Ms. Ploumen told the Guardian that up to 20 countries have indicated support for the Dutch plan to set up the fund. Crowdfunding is also being considered as a way to raise public funds as well, according to a post on her Facebook page.

Sandeep Prasad, executive director of Action Canada for Sexual Health and Rights, said Ottawa should join the global fund sooner rather than later.

"We need to see countries like Canada stepping up to a leadership role," Mr. Prasad said. "The need has deepened significantly with Trump's decision to reinstate the global gag rule."

Mr. Prasad said the Liberal government has only taken "baby steps" toward fulfilling its commitment to closing the gaps in reproductive rights and health care for women around the world. Last March, Ottawa announced $76-million for reproductive health initiatives, including $5-million for the United Nations Population Fund's contraceptive-supplies program. However, none of the money went to funding abortion services in recipient countries.

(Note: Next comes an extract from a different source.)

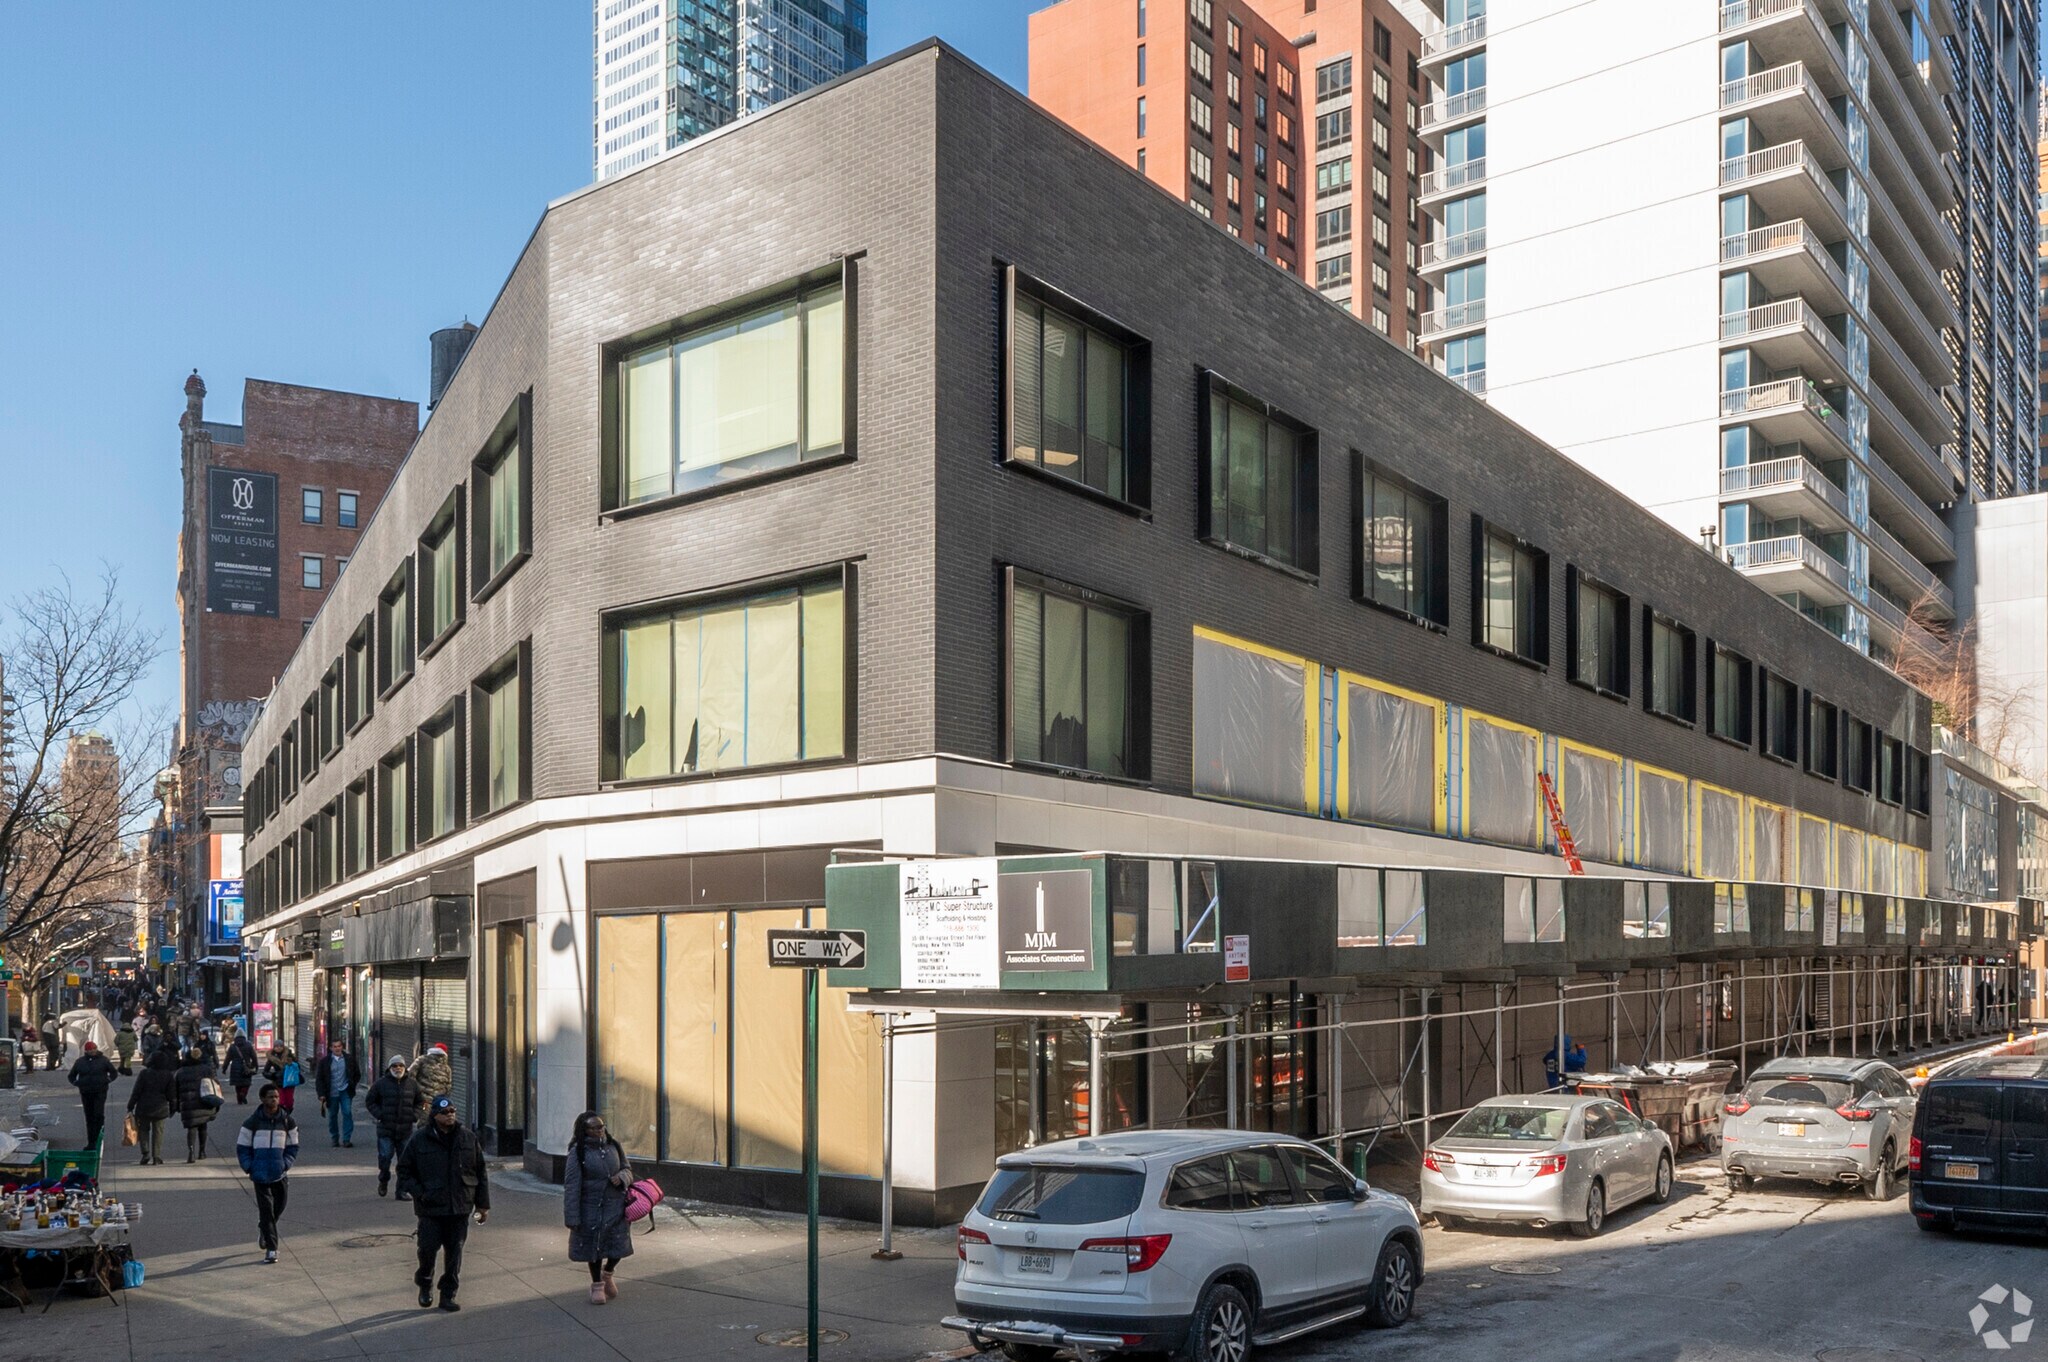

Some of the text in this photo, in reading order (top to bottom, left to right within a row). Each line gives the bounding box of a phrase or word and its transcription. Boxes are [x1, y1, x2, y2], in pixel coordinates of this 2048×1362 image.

Ms. Bibeau said the government will launch a new initiative in the coming weeks – before the federal budget – related to what she called women's empowerment, one pillar of which will focus on sexual and reproductive rights. While she would not provide any more details about the coming announcement, the minister reiterated the fact that Canadian development funding can be used for the full range of sexual and reproductive health services, including safe abortion services.

Mr. Trump's executive order, which he signed this week, goes far beyond the orders of previous Republican presidents. Instead of merely restricting U.S. funds for family planning programs, he told his cabinet members to expand the policy drastically, restricting "global health assistance furnished by all departments or agencies."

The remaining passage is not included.